Dumbledore pushed forward and grabbed Harry's arm. The Ministry guards moved back out of the way. "Harry, my boy. And Miss Granger and Mr. Weasley. I have seats here for you quite out of the public glare." Harry gratefully followed. This was swiftly becoming a nightmare. He wished now with all his heart that he had begged off. He didn't want to do this, didn't want to see this. Could he stand to see Drac-Malfoy…so degraded, the wolves howling for his blood? He settled into the seat indicated and pooled there like some too-wet Christmas pudding.
There was a constant roar of conversation in the chamber, even amongst the purple-robed Wizengamot. What were they waiting for? A Ministry minion rushed up to the head witch, whispered in her ear, and gestured toward Harry. Oh. That's what they had been waiting for. Him.

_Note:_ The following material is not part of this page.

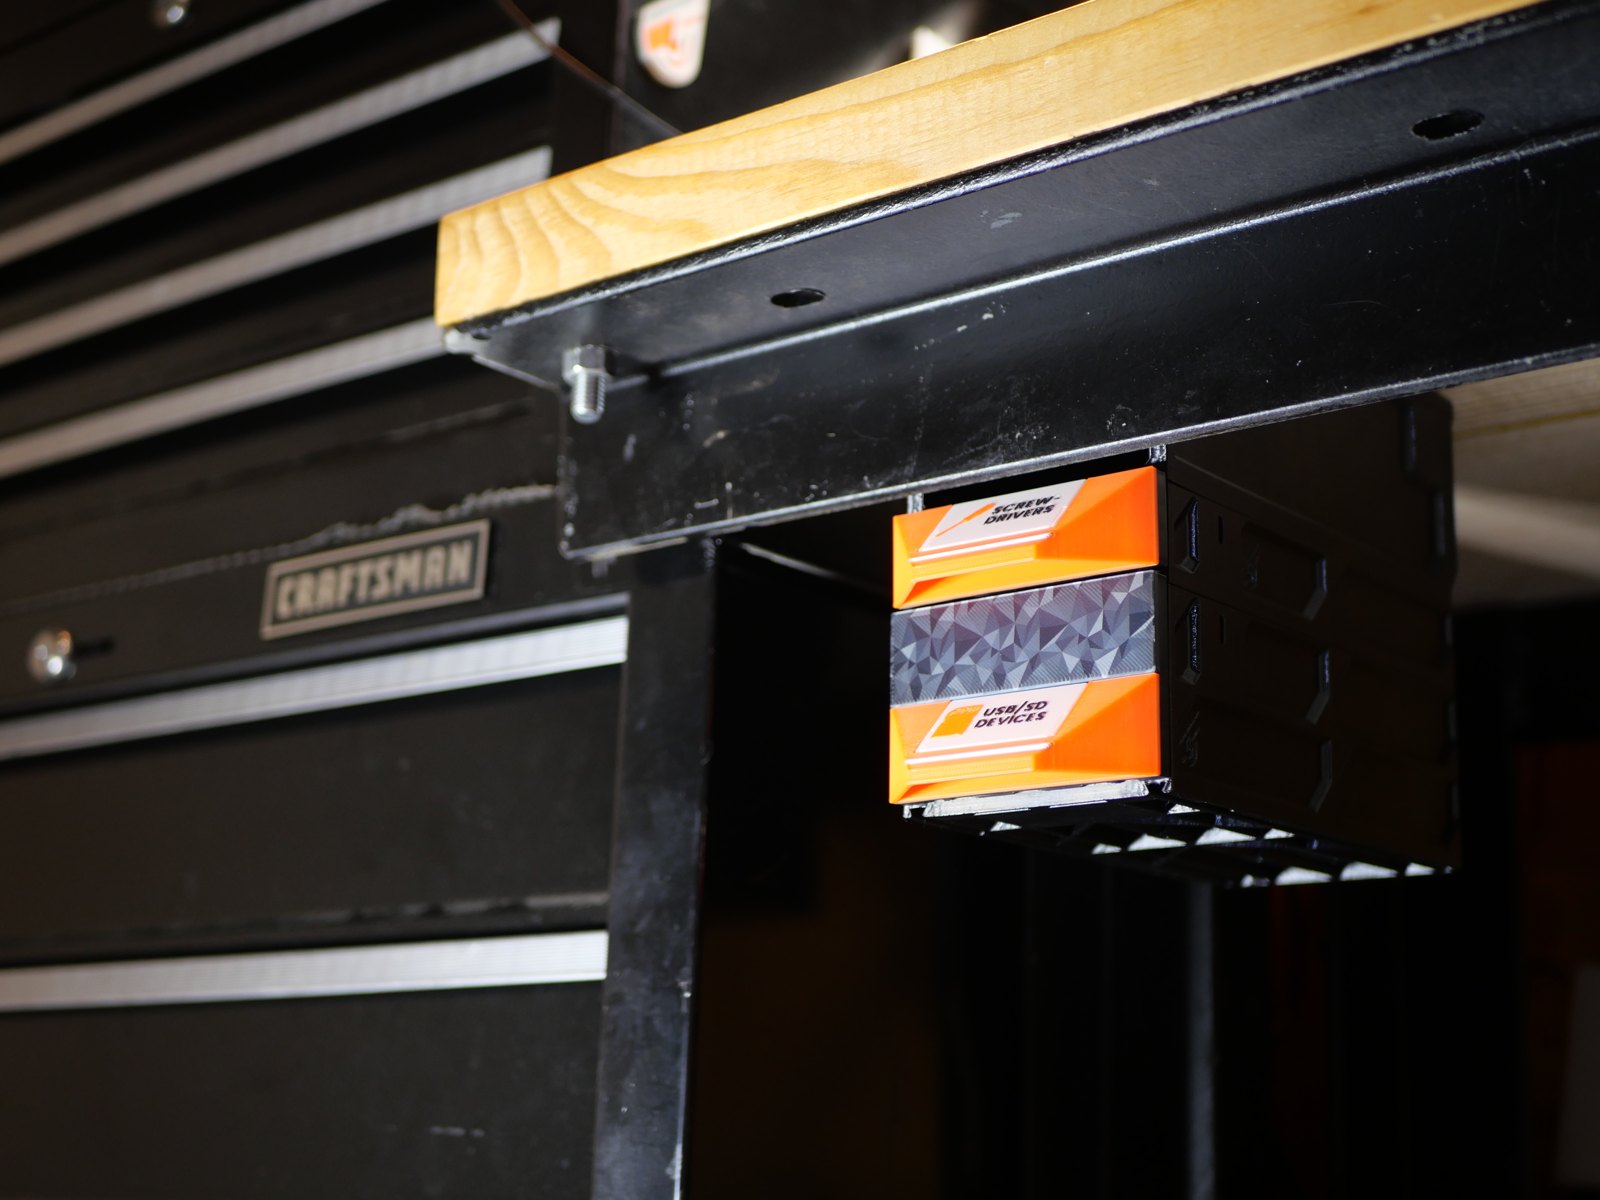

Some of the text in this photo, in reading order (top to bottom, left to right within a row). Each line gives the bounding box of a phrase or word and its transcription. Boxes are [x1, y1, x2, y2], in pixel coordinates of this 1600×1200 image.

The head witch banged her gavel on the stone table. Everyone began quieting. "We will come to order," she repeated, her efforts now heard as the crowd fell to a hush. "Bring in the accused."
A hush fell over the room, rippling all the way to the back where the reporters were. A door opened. Harry strained to see, but all he saw were heads of the people in the crowd. And then… a glimpse of white-blond hair trudging forward. And the sickening sound of the clink of chains. Was Draco shackled?
Horrified, Harry watched as the tight group got closer to the front and when the crowd parted, there was Draco, shoulders slumped, face and hair dirty, and heavy shackles wrapped around his wrists and his ankles. Harry's mouth dropped open. In another lifetime he would certainly have been happy to see this. But not after all those years of feelings for the Slytherin; not after the final battle when Draco helped them; not after Voldemort was dead and Draco fell to his knees at Harry's feet and between sobs thanked him with all his heart.
At least Hermione must have known how he felt. "This is terrible," she whispered.
"It's only what he deserves," growled Ron.
Dumbledore stepped forward and the Wizengamot rustled in a flurry. Draco looked up slowly and upon seeing the old wizard, suddenly shrank from him and hid his face.
"These chains are not necessary," said Dumbledore, barely controlling his anger.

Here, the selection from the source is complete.